Erdoğan, “Genelkurmay Başkanı ile aranızda bir güven sorunu
olmadığını sizin bu sözlerinizden çıkarabilir miyiz?”
sorusu üzerine, “Aramızda böyle bir sorun söz konusu
değil” diye konuştu.
Erdoğan, “Size göre Genelkurmay karargâhında albay
düzeyinde de olsa bir çalışma, cuntalaşma eğilimi normal mi? Sayın
Başbuğ, ‘bu haliyle kâğıt parçası’ demişti” şeklindeki
hatırlatma üzerine de şunları söyledi:
“O tür ifadeleri bana da ifade etmiştir. ‘Hiçbir zaman
bunun tarafı olmam.’
Medya için daha rahat
Erdoğan, “Niye istifasını istemiyorsunuz,
gereğini yapmıyorsunuz" gibi görüşler bulunduğu”nun
anımsatılması uzerine, “Söyleniyor. Dün (önceki gün) de bir
akademisyen bir toplantıda böyle bir şey kullandı. Biz de bu tür
şeyler karşısında darda ve zorda kalıyoruz” diye
konuştu.
Hassasiyetle adım atmalıyız
Erdoğan, “Anayasa’ya göre Genelkurmay Başkanı, ilgili kanun
çerçevesinde Başbakan’a karşı sorumludur. Genelkurmay mı bunu
engelliyor?
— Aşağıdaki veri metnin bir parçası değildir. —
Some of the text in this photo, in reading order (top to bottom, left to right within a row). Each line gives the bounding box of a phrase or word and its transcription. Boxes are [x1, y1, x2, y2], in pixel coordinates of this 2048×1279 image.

Yoksa mahkemeler mi öyle bir talepte
bulunmadı?” sorusuna da şu karşılığı verdi:
“Anayasa’da Başbakan’a karşı olan sorumluluk hangi çerçeve
içerisindedir. Genelkurmay Başkanı, Başbakan’ın ataması ile gelmez.
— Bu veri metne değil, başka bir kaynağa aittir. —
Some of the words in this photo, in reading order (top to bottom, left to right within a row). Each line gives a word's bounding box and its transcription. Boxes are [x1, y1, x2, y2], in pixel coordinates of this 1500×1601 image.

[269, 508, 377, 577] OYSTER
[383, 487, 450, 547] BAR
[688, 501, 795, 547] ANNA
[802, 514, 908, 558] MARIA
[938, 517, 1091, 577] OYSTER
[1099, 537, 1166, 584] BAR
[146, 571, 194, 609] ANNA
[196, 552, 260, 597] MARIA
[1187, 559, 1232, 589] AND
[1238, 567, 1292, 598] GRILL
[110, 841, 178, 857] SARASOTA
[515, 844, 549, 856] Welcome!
Bunları dikkatli değerlendirmek lazım. Atılacak adımları ülkenin
bütünlüğü için hassasiyetle sürdürmek lazım. Yargı çok hassas,
adeta kılı kırk yarar bir şekilde devam ediyor. Geçen hafta 8
subay, sonra 2 subay davet edildi. Bu hafta içinde kim bilir
kimleri davet edecekler. İşin Silivri boyutu çok sanıklı bir dava
olarak... Dosyalar kabarık. Temennimiz bu daha da hızlandırılmak
suretiyle bir an önce neticeye varılır.”
Adli Tıp’ın raporu yeterli
Erdoğan, “Belli dini cemaatlere karşı böyle bir hazırlık
askerin görev alanındaymış gibi algılar var. Siz böyle görüyor
musunuz?” sorusuna ise şu yanıtı verdi:
“Öyle bir şeyin olması söz konusu olamaz. Bu siyasete
bulaşmaktır. Siyaset yapmaktır ki, bu onlar için de hiç hayırlı bir
şey değil. Gelen o ihbarla ıslak imza meselesi bana göre çok büyük
önem arz ediyor. Belki de bütün bu kilidi o açacak. Askeri savcının
siville arasında bir sıkıntı var. ‘Sivilden istedik 3 kez
göndermedi’ diyor. Bu bizi ilgilendiren bir olay
değil. Yargı da diyor ki, ben size adli tıpla ilgili raporunu
gönderdim. Adli Tıp raporunda da bu, ‘Dursun Çiçek’in eli ürünü
olduğu kanaatine varılmıştır’ deniyor. Niçin o ifade kullanılıyor
da aslıdır denmiyor. Ben bunu da sordum, dediler ki, ‘bunun
literatürdeki ifadesi budur’. Şimdi literatürdeki ifadesi bu ise
üzerinde daha fazla durmanın anlamı yoktur.”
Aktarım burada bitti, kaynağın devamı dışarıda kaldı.